不動産会社は物件調査を通じて、詳細な情報や価値を確認し、これらの情報をもとに売却価格を決めることになります。
不動産会社が物件調査を実施する目的とは
物件調査を実施する目的は、不動産売買におけるトラブルの防止です。
不動産取引では多額の資金が動くため、場合によっては売買契約締結後にトラブルに発展する恐れがあります。
不動産の取り扱いは、法律や権利関係が複雑であるため、公正な取引を実現するには、不動産自体の詳細な情報を把握しておく必要があります。
また、物件調査をおこなわずに売却した不動産が原因で買主に損害が生じた場合、宅建業法に基づき監督処分を受けるほか、損害賠償請求を受ける恐れがあるでしょう。
不動産の売却価格を決定し、トラブルや賠償請求を回避するためにも、物件調査は必要です。

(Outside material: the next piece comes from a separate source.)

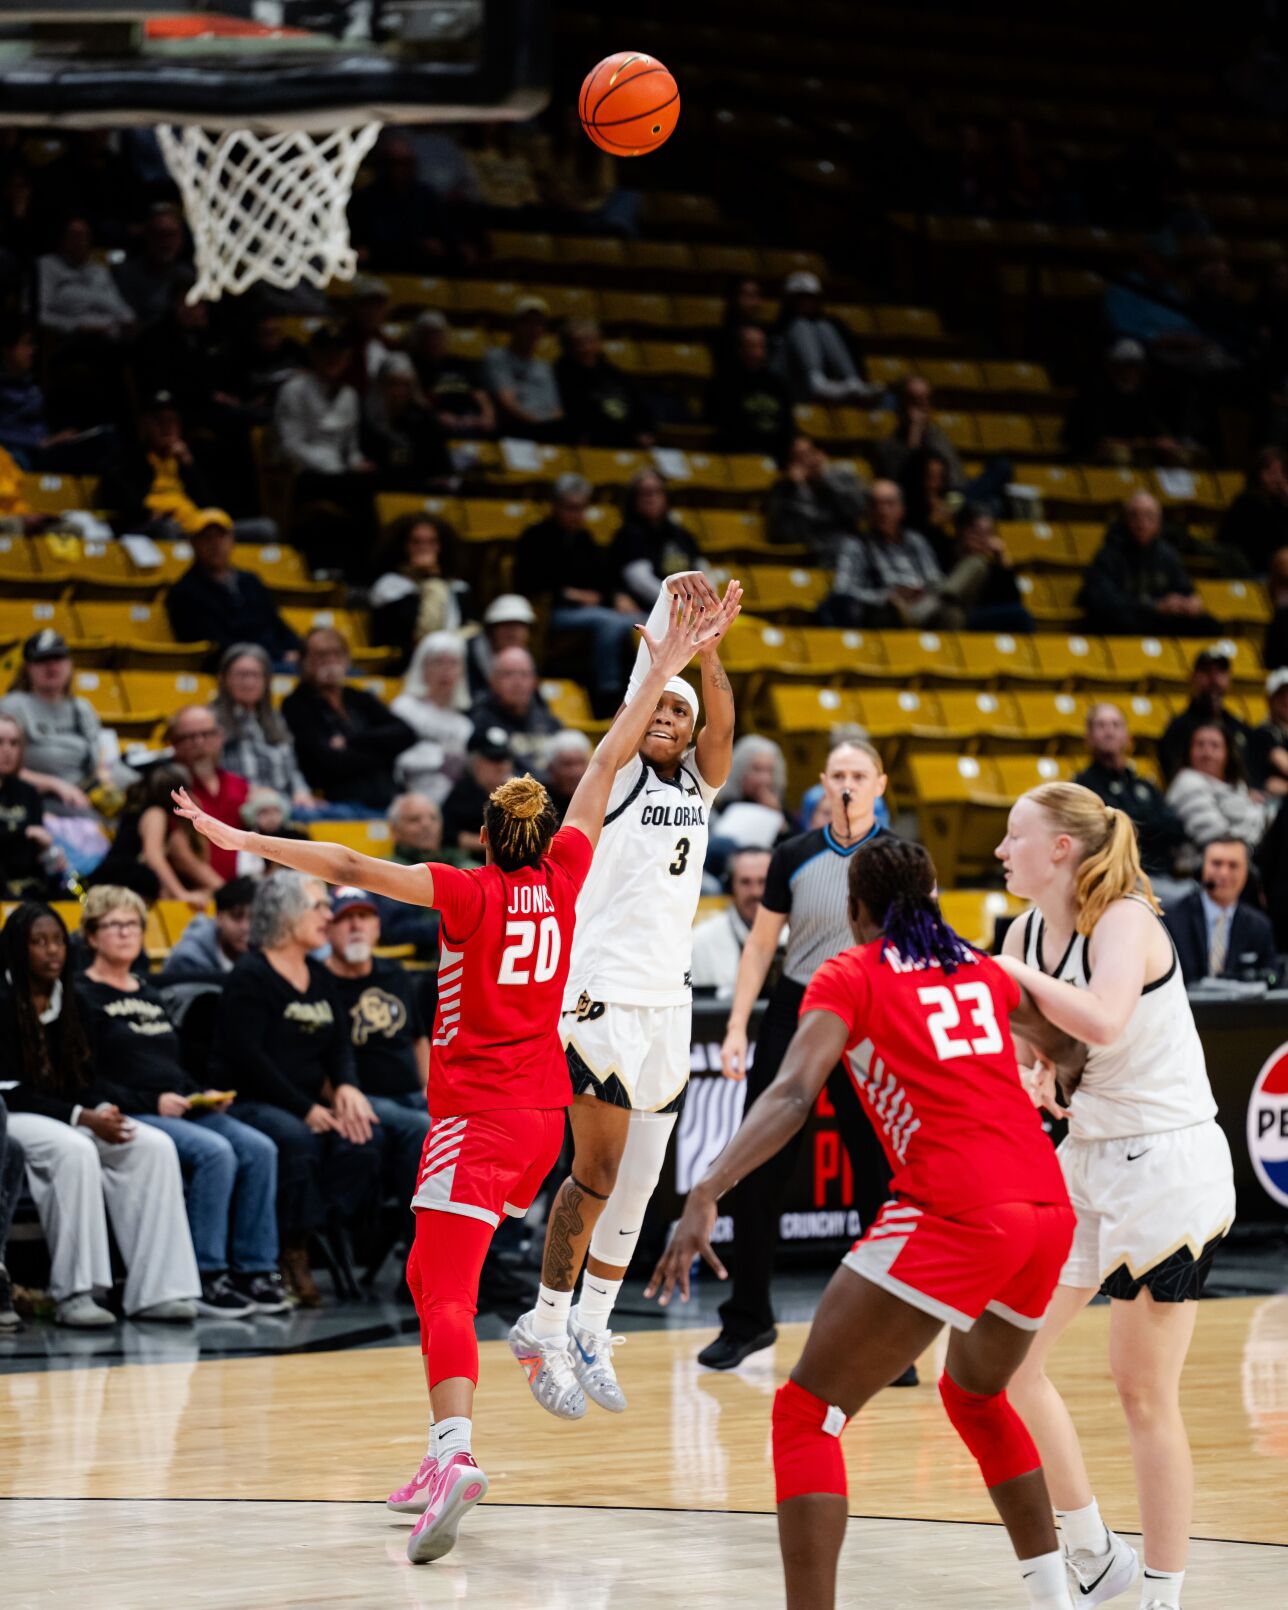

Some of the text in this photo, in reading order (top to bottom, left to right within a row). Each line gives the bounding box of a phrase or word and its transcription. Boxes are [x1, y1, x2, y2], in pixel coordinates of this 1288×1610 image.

[668, 837, 691, 876] 3
[497, 915, 561, 985] 20
[917, 981, 1004, 1061] 23

なお、不動産会社による物件調査は複数の項目に分かれますが、大きく分けると5種類に分類されます。
物件調査の種類①現地調査
物件調査における現地調査とは、売却予定の不動産を直接訪問し、写真や事前情報では確認できない状況を把握することです。
現地調査で確認される項目の例は以下のとおりです。
●土地の傾きや地質など地形の情報
●不動産までの道路状況
●商業施設など周辺エリアの利用状況
●騒音・電磁波・異臭などの有無
このほか、不動産の状況や災害の発生状況なども確認されます。
物件調査の種類②法務局調査
法務局調査とは、法務局や自治体で取得した「不動産登記事項証明書」などを基におこなう調査です。
法務局調査で確認される項目の例は以下のとおりです。
●不動産の所有者
●不動産の登記名義人と売主の一致・不一致
●境界の確定時における隣地とのトラブル状況
●差押えなどの有無
売主と登記名義人が異なることが発覚した場合は、売却できないため注意が必要です。
物件調査の種類③役所調査
役所調査とは、建築基準法などに関連する調査のことです。
建築可能な住宅の条件や前面道路の情報、建築不可に該当するかどうかなどが調査されます。
物件調査の種類④ライフライン調査
ライフライン調査とは、電気、ガス、水道などのインフラ設備の状況を確認するための調査です。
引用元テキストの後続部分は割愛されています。